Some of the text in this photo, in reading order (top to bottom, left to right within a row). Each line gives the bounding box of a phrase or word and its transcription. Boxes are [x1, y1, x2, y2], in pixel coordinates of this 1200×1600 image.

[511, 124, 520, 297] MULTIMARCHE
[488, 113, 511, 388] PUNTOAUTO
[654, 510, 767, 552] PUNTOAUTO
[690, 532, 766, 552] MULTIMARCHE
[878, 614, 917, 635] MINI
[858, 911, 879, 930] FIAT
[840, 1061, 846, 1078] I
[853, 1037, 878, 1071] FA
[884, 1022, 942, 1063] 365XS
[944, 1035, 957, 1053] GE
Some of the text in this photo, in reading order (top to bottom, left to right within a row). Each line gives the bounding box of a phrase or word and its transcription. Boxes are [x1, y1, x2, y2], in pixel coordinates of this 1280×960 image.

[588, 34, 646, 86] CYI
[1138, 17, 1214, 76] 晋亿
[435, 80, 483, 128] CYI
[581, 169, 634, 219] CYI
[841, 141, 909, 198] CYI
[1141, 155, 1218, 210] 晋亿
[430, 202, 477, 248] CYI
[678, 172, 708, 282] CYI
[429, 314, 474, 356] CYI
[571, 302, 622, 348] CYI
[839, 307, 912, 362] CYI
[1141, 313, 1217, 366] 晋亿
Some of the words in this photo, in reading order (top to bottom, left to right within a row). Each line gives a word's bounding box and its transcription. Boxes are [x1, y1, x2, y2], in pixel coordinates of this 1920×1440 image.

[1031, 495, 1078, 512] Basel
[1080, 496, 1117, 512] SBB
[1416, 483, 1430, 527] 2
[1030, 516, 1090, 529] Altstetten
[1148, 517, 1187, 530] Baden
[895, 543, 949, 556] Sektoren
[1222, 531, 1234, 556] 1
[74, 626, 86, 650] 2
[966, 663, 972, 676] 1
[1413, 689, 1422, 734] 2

----------

What you should do:
Output the records above in their entirety, exactly.

Completed task:
Some of the text in this photo, in reading order (top to bottom, left to right within a row). Each line gives the bounding box of a phrase or word and its transcription. Boxes are [x1, y1, x2, y2], in pixel coordinates of this 1200×1600 image.

[511, 124, 520, 297] MULTIMARCHE
[488, 113, 511, 388] PUNTOAUTO
[654, 510, 767, 552] PUNTOAUTO
[690, 532, 766, 552] MULTIMARCHE
[878, 614, 917, 635] MINI
[858, 911, 879, 930] FIAT
[840, 1061, 846, 1078] I
[853, 1037, 878, 1071] FA
[884, 1022, 942, 1063] 365XS
[944, 1035, 957, 1053] GE
Some of the text in this photo, in reading order (top to bottom, left to right within a row). Each line gives the bounding box of a phrase or word and its transcription. Boxes are [x1, y1, x2, y2], in pixel coordinates of this 1280×960 image.

[588, 34, 646, 86] CYI
[1138, 17, 1214, 76] 晋亿
[435, 80, 483, 128] CYI
[581, 169, 634, 219] CYI
[841, 141, 909, 198] CYI
[1141, 155, 1218, 210] 晋亿
[430, 202, 477, 248] CYI
[678, 172, 708, 282] CYI
[429, 314, 474, 356] CYI
[571, 302, 622, 348] CYI
[839, 307, 912, 362] CYI
[1141, 313, 1217, 366] 晋亿
Some of the words in this photo, in reading order (top to bottom, left to right within a row). Each line gives a word's bounding box and its transcription. Boxes are [x1, y1, x2, y2], in pixel coordinates of this 1920×1440 image.

[1031, 495, 1078, 512] Basel
[1080, 496, 1117, 512] SBB
[1416, 483, 1430, 527] 2
[1030, 516, 1090, 529] Altstetten
[1148, 517, 1187, 530] Baden
[895, 543, 949, 556] Sektoren
[1222, 531, 1234, 556] 1
[74, 626, 86, 650] 2
[966, 663, 972, 676] 1
[1413, 689, 1422, 734] 2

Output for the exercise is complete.